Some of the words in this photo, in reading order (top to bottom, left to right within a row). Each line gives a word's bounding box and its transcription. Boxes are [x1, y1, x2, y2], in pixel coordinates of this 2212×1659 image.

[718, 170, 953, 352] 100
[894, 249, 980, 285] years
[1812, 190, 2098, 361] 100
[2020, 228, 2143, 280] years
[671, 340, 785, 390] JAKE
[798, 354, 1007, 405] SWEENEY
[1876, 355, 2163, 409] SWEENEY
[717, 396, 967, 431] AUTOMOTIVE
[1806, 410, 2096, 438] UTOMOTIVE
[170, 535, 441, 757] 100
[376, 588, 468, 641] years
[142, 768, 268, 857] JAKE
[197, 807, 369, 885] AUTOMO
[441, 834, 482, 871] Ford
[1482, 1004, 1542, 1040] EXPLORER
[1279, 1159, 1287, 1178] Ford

→ **Goal of the exercise**
Taking the listing above, write all of it out exactly.

→ **Answer to this exercise**
Some of the words in this photo, in reading order (top to bottom, left to right within a row). Each line gives a word's bounding box and its transcription. Boxes are [x1, y1, x2, y2], in pixel coordinates of this 2212×1659 image.

[718, 170, 953, 352] 100
[894, 249, 980, 285] years
[1812, 190, 2098, 361] 100
[2020, 228, 2143, 280] years
[671, 340, 785, 390] JAKE
[798, 354, 1007, 405] SWEENEY
[1876, 355, 2163, 409] SWEENEY
[717, 396, 967, 431] AUTOMOTIVE
[1806, 410, 2096, 438] UTOMOTIVE
[170, 535, 441, 757] 100
[376, 588, 468, 641] years
[142, 768, 268, 857] JAKE
[197, 807, 369, 885] AUTOMO
[441, 834, 482, 871] Ford
[1482, 1004, 1542, 1040] EXPLORER
[1279, 1159, 1287, 1178] Ford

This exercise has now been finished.